The 18-year-old nursing student who police believe was stabbed to death last month by Daniel St. Hubert, a ex-con with a history of mental problems, has been immortalized in a 25-foot-wide mural in the neighborhood.
The art piece shows Copeland wearing a purple uniform from her beloved Royal Knights marching band on a wall on Linden Boulevard and Cleveland Street.
“It touched everyone,” band leader Osie Smith said about the ceremony where the Knights played “Missing You” in Tanaya’s honor. “This gave them a second chance [to mourn]. Some of them missed the funeral.”
Brooklyn hip-hop artist and activist Ty Black helped organize creation of the mural, enlisting graffiti artist Louis Rivera and the SIC Crew to paint it Monday afternoon during a ceremony marking the one-month anniversary of her death.
Investigators believed Copeland may have been St. Hubert’s first victim during a violent spree in which he allegedly stabbed 6-year-old Prince Joshua “P.J.” Avitto to death and critically injured Mikayla Capers, 7, inside an East New York elevator.
Copeland was attacked on a desolate stretch of Stanley Avenue while walking to meet up with marching band members.

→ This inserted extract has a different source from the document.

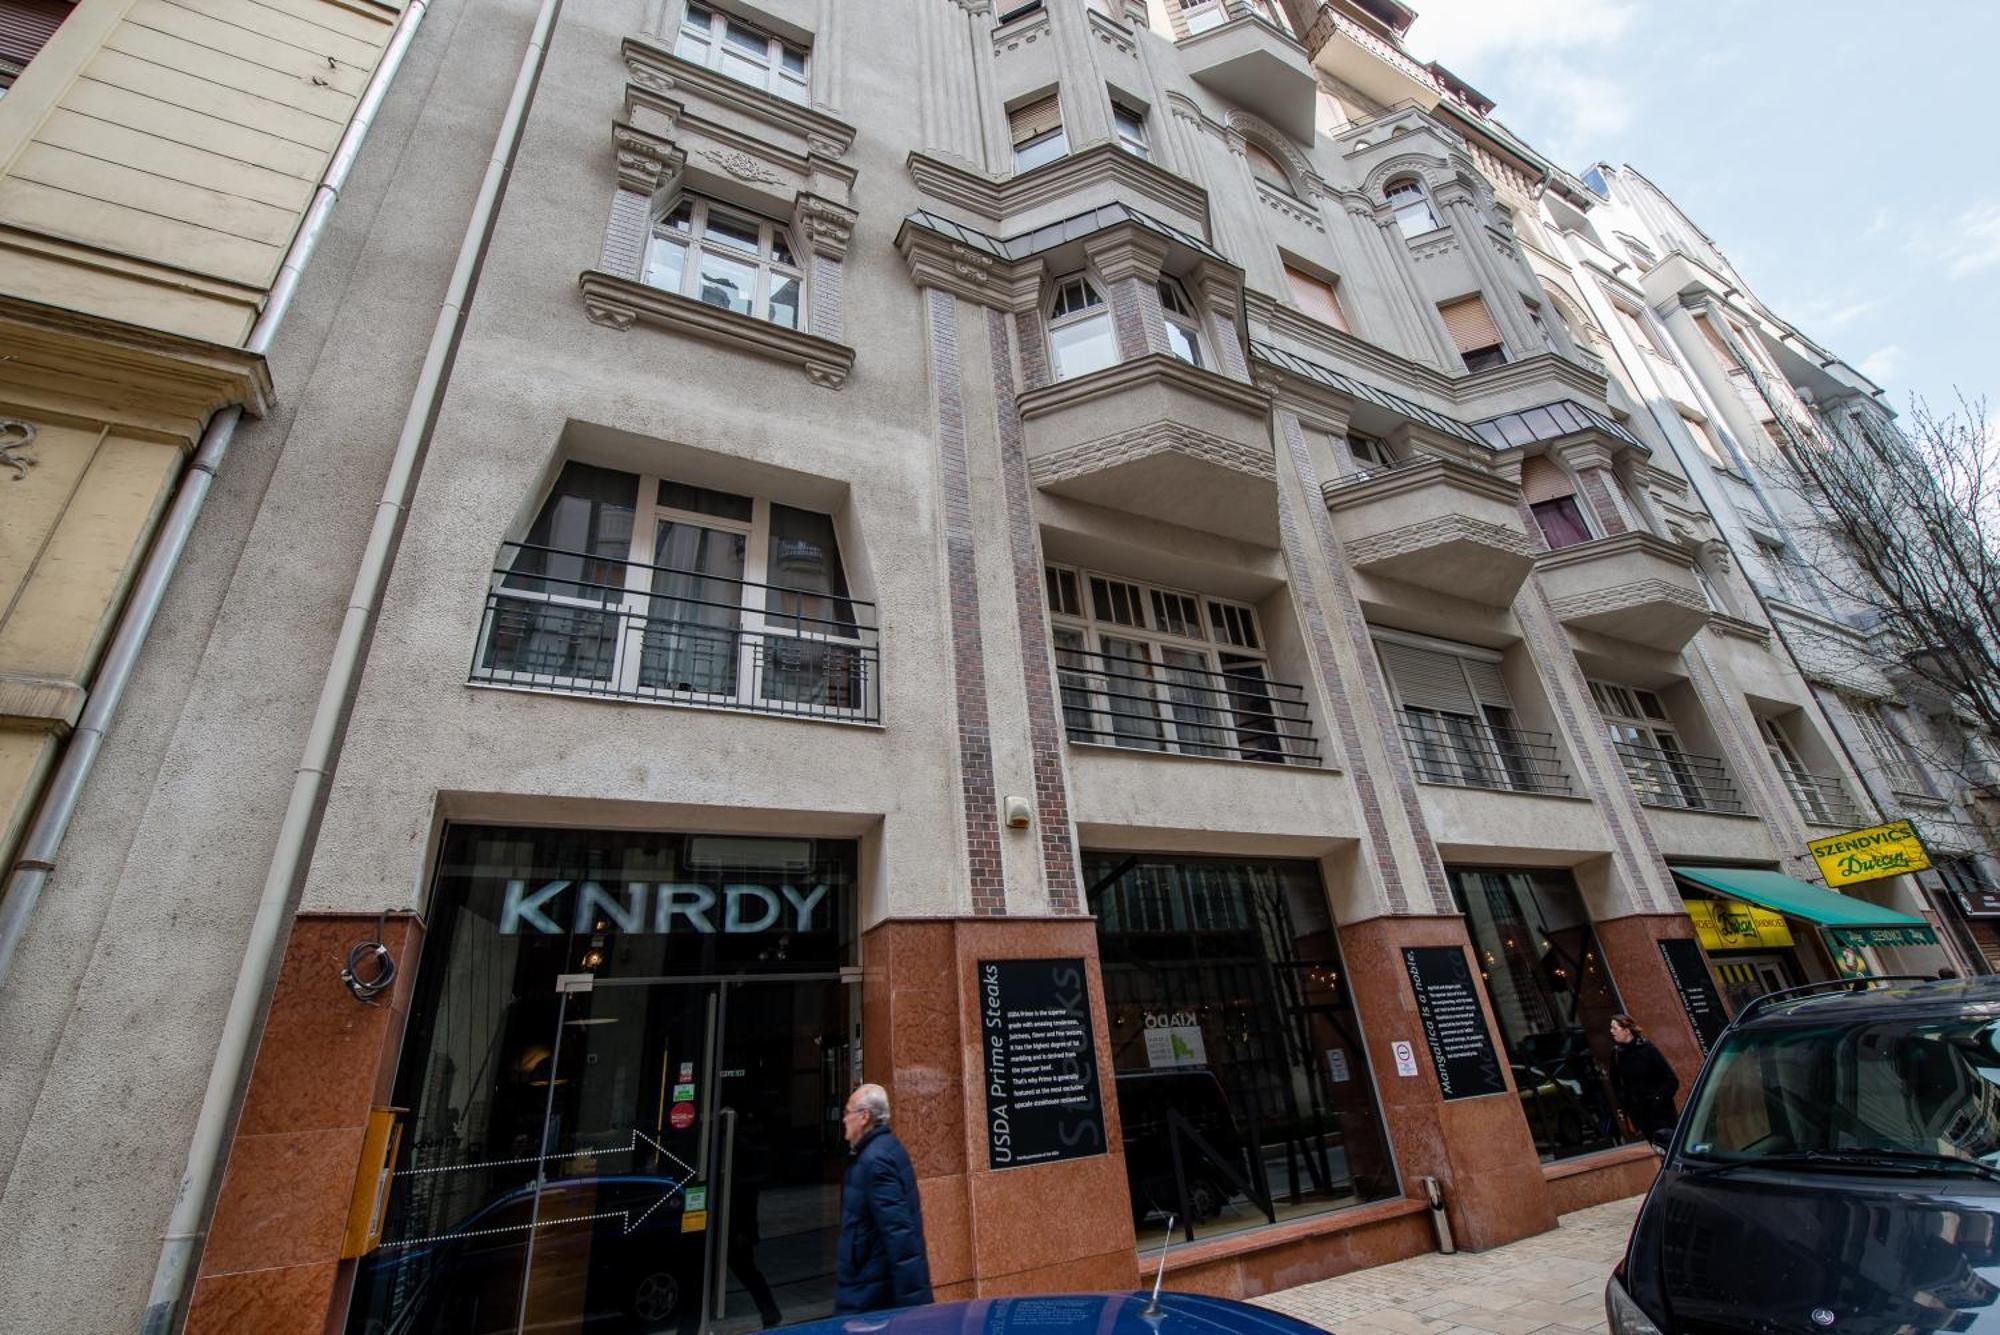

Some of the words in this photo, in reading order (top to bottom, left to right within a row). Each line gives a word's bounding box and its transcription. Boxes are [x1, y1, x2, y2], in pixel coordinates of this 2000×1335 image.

Hubert, 27, who was released from prison in mid-May after serving five years for assaulting his mother, was charged in Avitto's death, but not in Copeland’s. He is also suspected of stabbing Kyle Moore on a Chelsea subway platform. Moore was was taken to Bellevue Hospital in stable condition.
Black said she hopes the mural keeps pressure on investigators to solve Copeland's murder.
“One whole month without getting any update on her case, or even getting honest assurance that it’s really being worked on,” Black said. “Instead of sitting back and waiting on the police, myself and the Royal Knights will continuously serve the people.”